Extracted data entries:
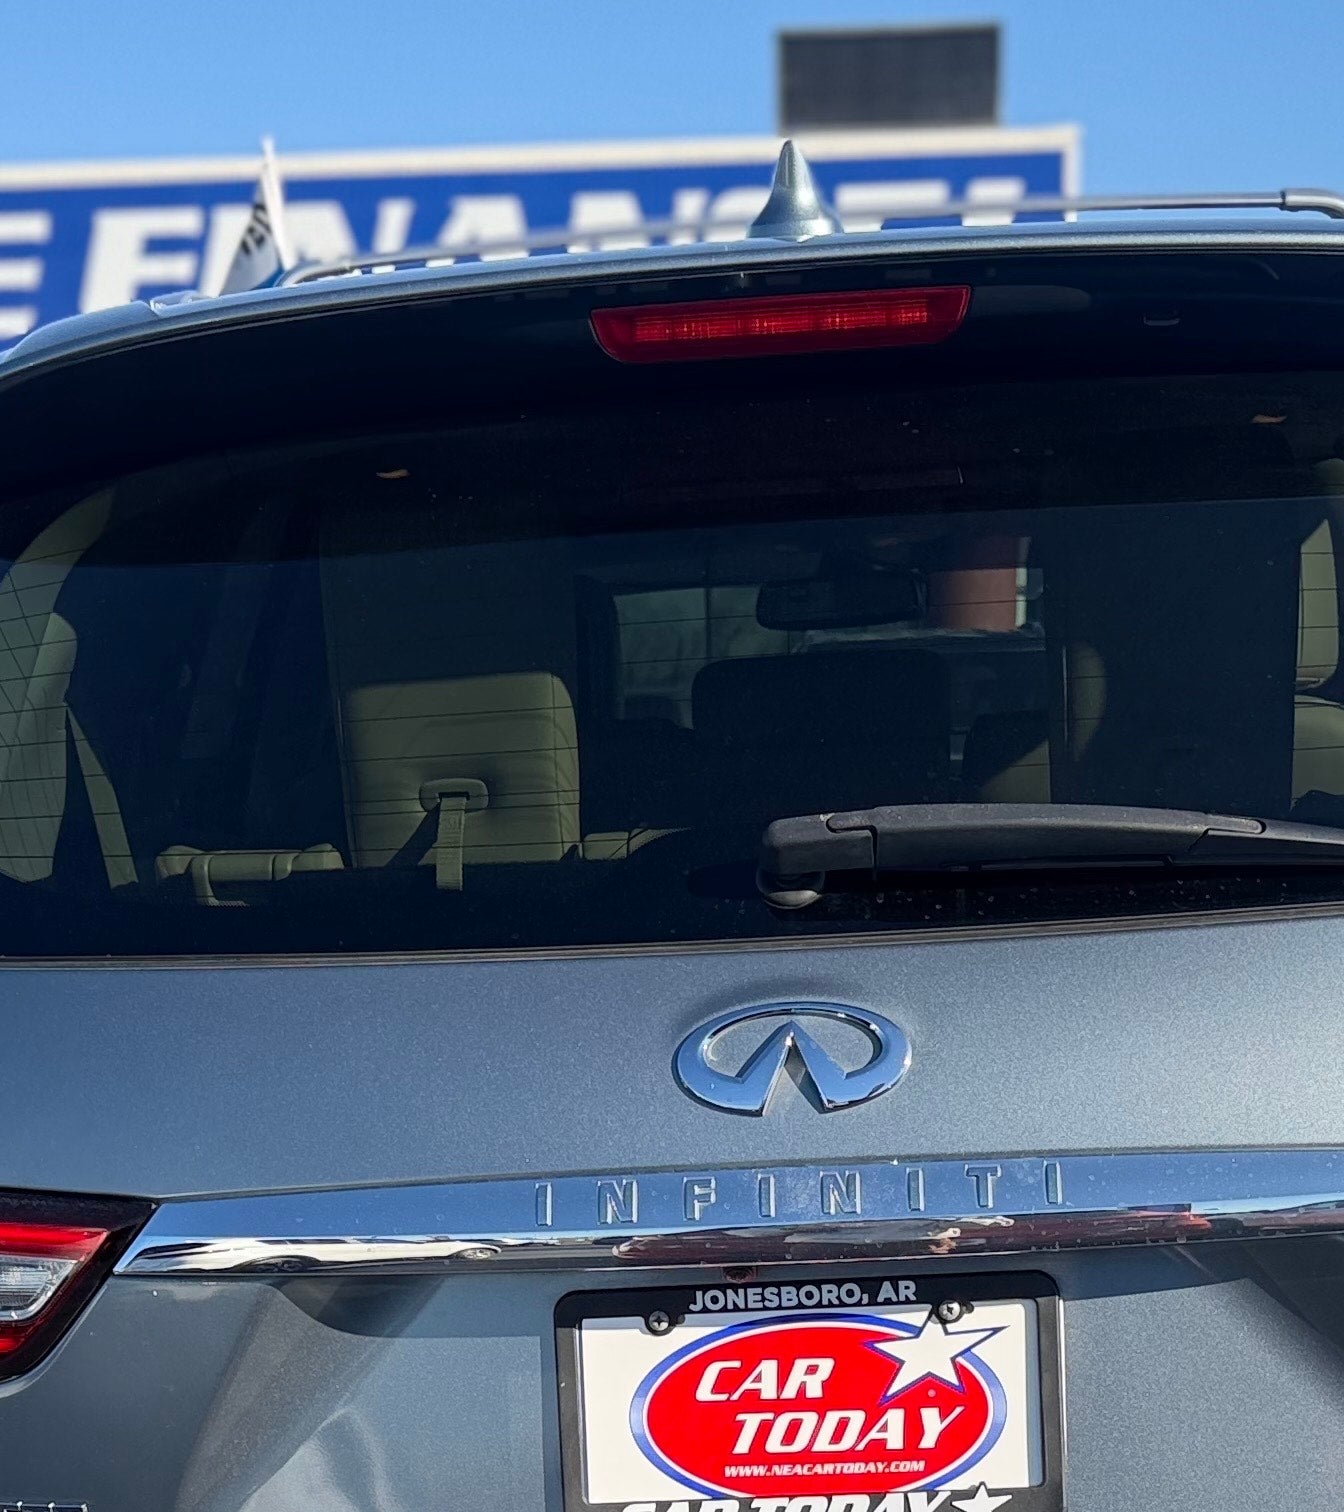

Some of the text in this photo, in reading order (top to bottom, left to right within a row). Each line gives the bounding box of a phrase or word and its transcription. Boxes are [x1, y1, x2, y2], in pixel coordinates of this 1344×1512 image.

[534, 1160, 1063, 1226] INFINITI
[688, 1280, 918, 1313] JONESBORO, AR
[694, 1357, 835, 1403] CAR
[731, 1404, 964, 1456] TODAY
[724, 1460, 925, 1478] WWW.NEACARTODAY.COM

About this exercise:
All the records above must be retyped exactly, except for their pictures.

Answer to this task:
Some of the text in this photo, in reading order (top to bottom, left to right within a row). Each line gives the bounding box of a phrase or word and its transcription. Boxes are [x1, y1, x2, y2], in pixel coordinates of this 1344×1512 image.

[534, 1160, 1063, 1226] INFINITI
[688, 1280, 918, 1313] JONESBORO, AR
[694, 1357, 835, 1403] CAR
[731, 1404, 964, 1456] TODAY
[724, 1460, 925, 1478] WWW.NEACARTODAY.COM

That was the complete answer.